I resent the anticipation. What’s he reading it over for? I’m a better writer than him. Now he will see that for sure and leave me alone…

 But as I glance up, Dad arms move in a mechanical flurry as he rips my report to shreds. The crisp, lined-sheets fall at my feet like confetti from a freshly bashed-in piñata.

You bastard! What are you doing? That took me hours! It’s my best work ever!!!

 “Jenny, I’m sorry, but this is shit work. It just won’t do. I mean, moreover? What the fuck kind of word is moreover! It’s no word that you should be using. Daddy is trying to teach you a lesson the hard way. I know I’m a bastard but you’ll understand one day.”

Fuck you asshole. Hmmm, let’s see. You’re a seventh grade dropout and I’m already in high school. And I’m an A student. And for your information, MOREOVER is a sophisticated word to use. And I’m going to use it all the time. Every day. When I finally get out of this shit hole and far away from you. 

 “Now, Poppa wants you to get out some new paper, and I’ll dictate to you. You can correct the punctuation shit—like you always do.” You mean like how you don’t know the difference between a comma and a period. Motherfucker.

 I see myself punching his face, where an emerging bulging purple veins meets his jaw. Boom.

But instead I try to control my visibly quivering hand as I retrieve more loose-leaf paper from my three-ring binder. As I struggle to copy his diction, the word MOREOVER echoes in my head, repeatedly.

When we are finished, Dad asks coolly, “Hey, do you want to watch Temple of Doom?”

Sure. Why do you bother asking, anyway? Do I ever have a choice? At least we can turn the lights out so I can tear up in peace.

1988: Wads of Dough

“Jenny, you know that money that Daddy’s been having you hide from me since last year?

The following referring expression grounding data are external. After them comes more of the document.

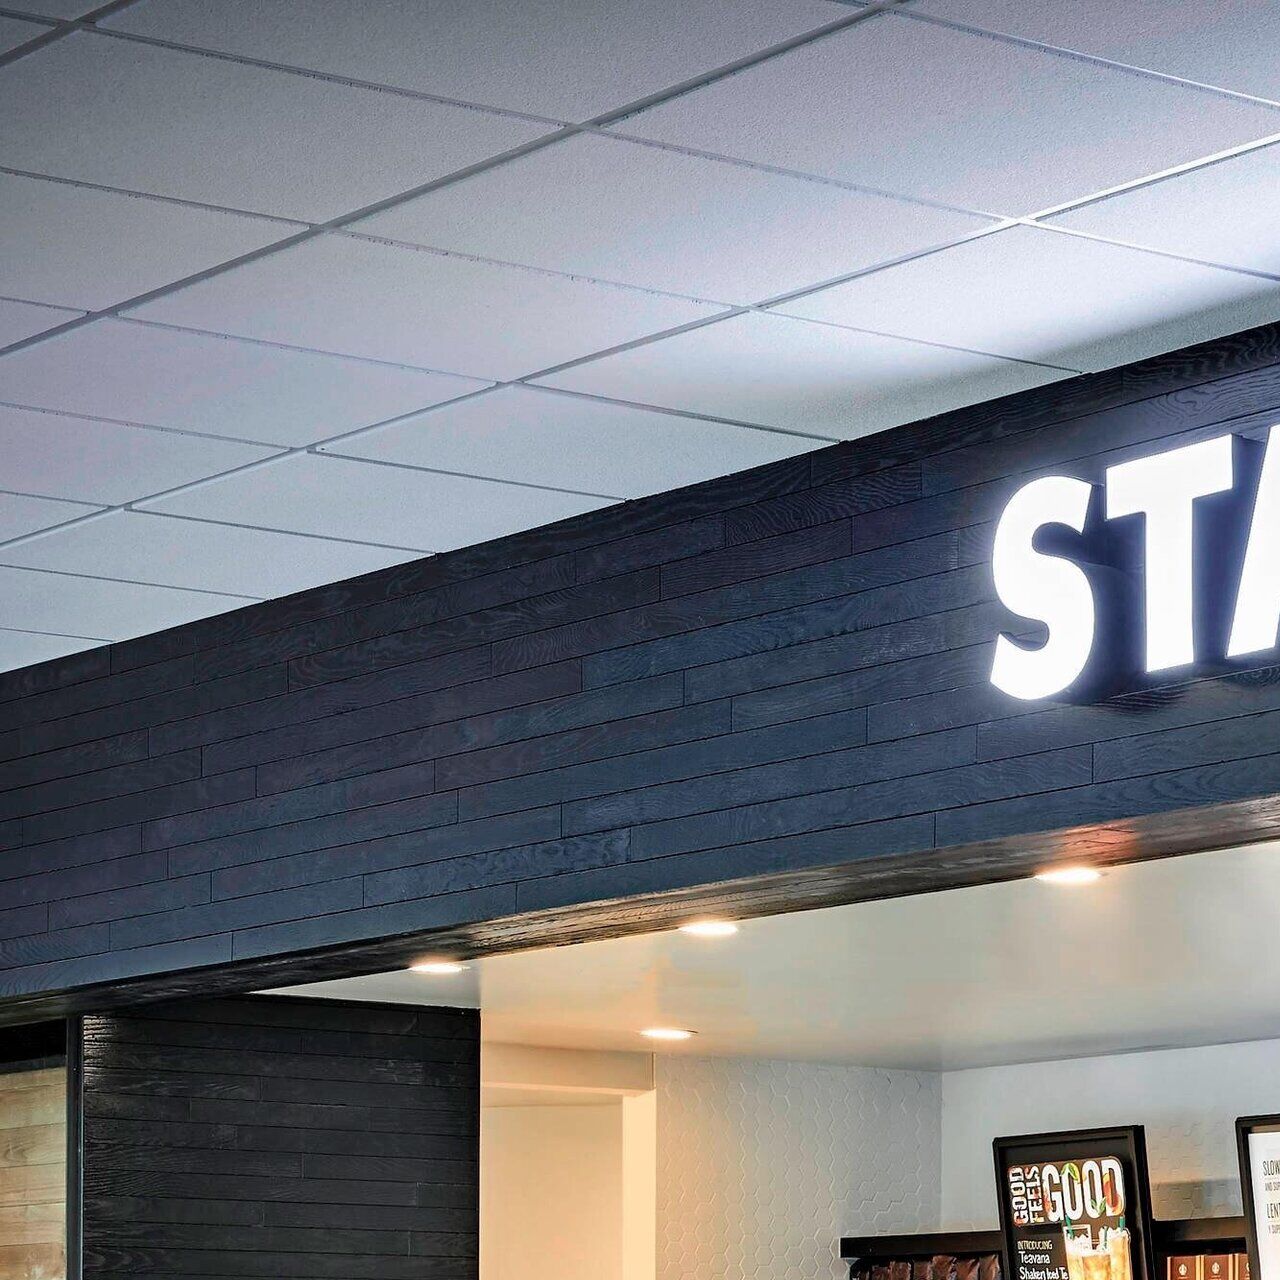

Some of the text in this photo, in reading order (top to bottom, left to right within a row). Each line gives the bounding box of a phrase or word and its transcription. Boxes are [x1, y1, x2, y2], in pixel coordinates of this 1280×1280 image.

[1010, 1167, 1029, 1226] GOOD
[1024, 1165, 1044, 1223] FEELS
[1042, 1159, 1124, 1222] GOOD
[1018, 1240, 1052, 1250] INTRODUCING
[1018, 1251, 1050, 1264] Teavana
[1020, 1266, 1046, 1280] Shaken
[1046, 1266, 1058, 1280] Iced

My eyes grow wide. “Well I need it now. You must have a couple hundred saved up!”

Excited, I reply “Yes Daddy! It’s all in my closet on the shelf.”

Impatiently, I wait for Dad to retrieve the money but he returns empty handed.

“Jenny, I thought you said you hid the money on your top shelf.”

“I did, Daddy. I put it all in tissues.” Dad looks bewildered.

“I wrapped the money in tiny tissue envelopes so you wouldn’t find it. Just like you wanted me to.”

“Wait a minute! Jenny, you put the money in tissues? How? You’re scaring Poppa.”

“Well each time you gave me five or ten dollars I wrapped each one in a tissue.”

Dad puts his hands up to his face and shakes his head. “Motherfucker!”

Why is Daddy mad? Is he mad at me?

 Shaking his head in disgust, Dad boils over, “Jenny, I threw the fucking money in the garbage! All of it! Why the fuck would you put real money in tissues? You know Daddy doesn’t trust the goddamn banks. That’s why I gave it to you.”

I gaze down, blankly. Why did he throw the money away? Isn’t this what I was supposed to do? Wasn’t he saving it?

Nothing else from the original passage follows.